Sonntag, 08. April 2012

„Grass hat grundsätzlich recht.“
Mohssen Massarrat, Exil-Iraner und Politikprofessor an der Uni Osnabrück, in einem Kommentar in der Financial Times Deutschland, 12. April 2012

„Ich stehe auf der Seite von Grass. Er hat etwas Vernünftiges gesagt. Es ist völlig unnötiger politischer Krawall, dass Deutsche und Israelis darum wetteiferten, wer Grass mehr beschimpfen kann, und wer extremere Ausdrücke für ihn findet.“
Alfred Grosser, Publizist und Kind jüdischer Eltern, im SZ-Interview

Es ist antisemitisch darauf zu bestehen, dass Israel in Deutschland nicht kritisiert werden darf.“
Uri Avnery, israelischer Autor, nimmt Günter Grass in Schutz; Artikel „Kritik-Verbot an Israel ist antisemitisch“ auf sueddeutsche.de

„Das Erschießliche in Deutschland hat sich freilich seit Heines Zeiten gewandelt – und wohl auch die Exekutionskommandos: Eine Konstellation aus enthusiasmierten Israelsolidarisierern ‚antideutscher‘ (letztlich neokonservativer) Provenienz, einer stets abrufbereiten ‚jüdischen Intelligenz‘ (professoraler, publizistischer und offiziell-institutioneller Couleur), einer unter dem geschichtlich konnotierten Tabu keuchenden politischen Klasse, einer in diesem Punkt in der Tat ‚gleichgeschalteten‘ deutschen Medienwelt und einer aktivistisch-durchideologisierten israelischen Botschaft bildet stets eine durch den Eklat gestählte Front, sobald ein Ausscherender etwas, und sei‘s noch so kümmerlich, an ihrer Selbstgewissheit kratzt.“
Moshe Zuckermann auf Hintergrund.de in seinem Beitrag „Eine gut orchestrierte Hysterie“ über die Kritker von Grass‘ Gedicht „Was gesagt werden muss“

Dass Israel über 250 Atomsprengköpfe besitze, dem Atomwaffensperrvertrag nicht beigetreten sei sowie keine Kontrollen zulasse und offen das Für und Wider eines „Präventivkriegs“ gegen Iran diskutiere, „sind Tatsachen, die Günter Grass auf seine Weise ins rechte Licht gerückt hat“.
Peter Strutynski, Sprecher des Bundesausschusses Friedensratschlag; tagesspiegel.de

SPIEGEL 15/2012, S. 117; Foto: Jakob Carlsen

Man könnte fast meinen, in Deutschlands Massenmedien findet eine Art „Grass-Bashing“ statt – nach dem Motto: Wer kann verbal am übelsten gegen Günter Grass knüppeln? Marcel Reich-Ranicki z.B. beschimpft Grass‘ Gedicht als „ekelhaft“, wie SPIEGEL Online berichtet, und SPIEGEL-Kolumnist Georg Diez versteigt sich in der aktuellen Print-Ausgabe gar dazu, Grass als „Zombie“ zu verunglimpfen (siehe auch links).
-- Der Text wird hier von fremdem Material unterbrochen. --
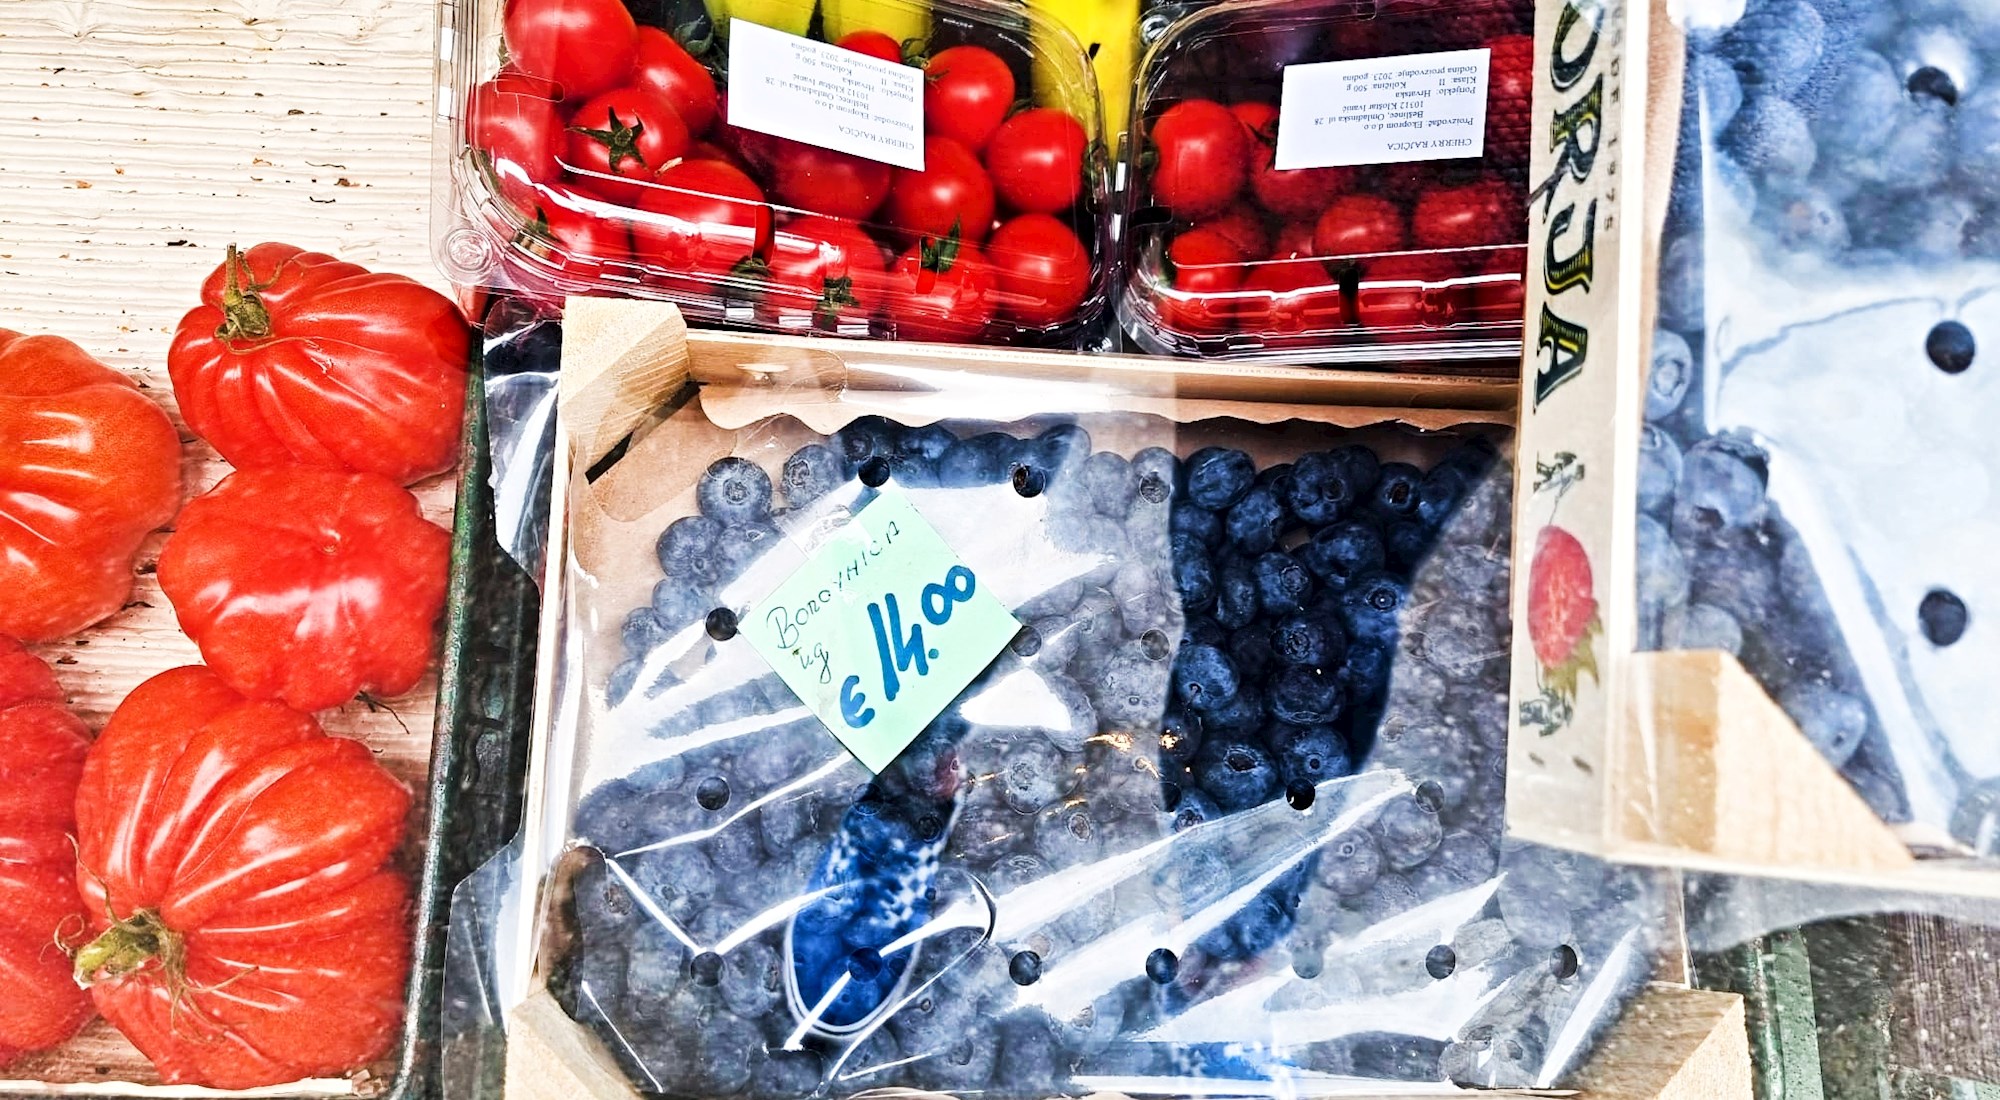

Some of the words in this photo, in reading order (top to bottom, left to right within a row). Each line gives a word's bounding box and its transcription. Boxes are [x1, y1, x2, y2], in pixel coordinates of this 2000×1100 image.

[1448, 66, 1477, 75] Godina
[1342, 73, 1368, 82] godina
[1353, 84, 1368, 92] 500
[1395, 90, 1431, 99] Hrvatska
[1342, 104, 1366, 113] Ivanić
[1368, 102, 1397, 110] Kloštar
[1400, 101, 1424, 110] 10312
[1338, 114, 1385, 123] Omladinska
[1388, 111, 1424, 119] Bešlinec,
[1386, 121, 1422, 129] Ekoprom
[1387, 141, 1428, 150] RAJČICA
[1431, 139, 1472, 148] CHERRY
[1604, 132, 1618, 231] 1975
[867, 565, 976, 701] 14.00
Man muss Grass‘ Zeilen nicht durchweg zustimmen, doch derartige Schmähungen sind wirklich nicht fundiert. Oder wie es der israelische Autor Uri Avnery formuliert (zu lesen auf sueddeutsche.de): „Es ist völlig unnötiger politischer Krawall, dass Deutsche und Israelis darum wetteiferten, wer Grass mehr beschimpfen kann, und wer extremere Ausdrücke für ihn findet.“

Dass auch die so genannte Debattenkritik „Zombies“ von SPIEGEL-Kolumnist Georg Diez letztlich nur „völlig unnötiger politischer Krawall“ ist, zeigt sich nicht nur, wenn man sich die Definition von dem von Diez verwendeten Begriff „Zombie“ einmal vergegenwärtigt. Auch verirrt sich Diez in seinem Stück in seinen Aussagen bzw. Anwürfen und lässt darin die intellektuelle Tiefe vermissen. Da kann man kaum glauben, dass der 1969 in München geborene Kolumnist tatsächlich Philosophie studiert hat.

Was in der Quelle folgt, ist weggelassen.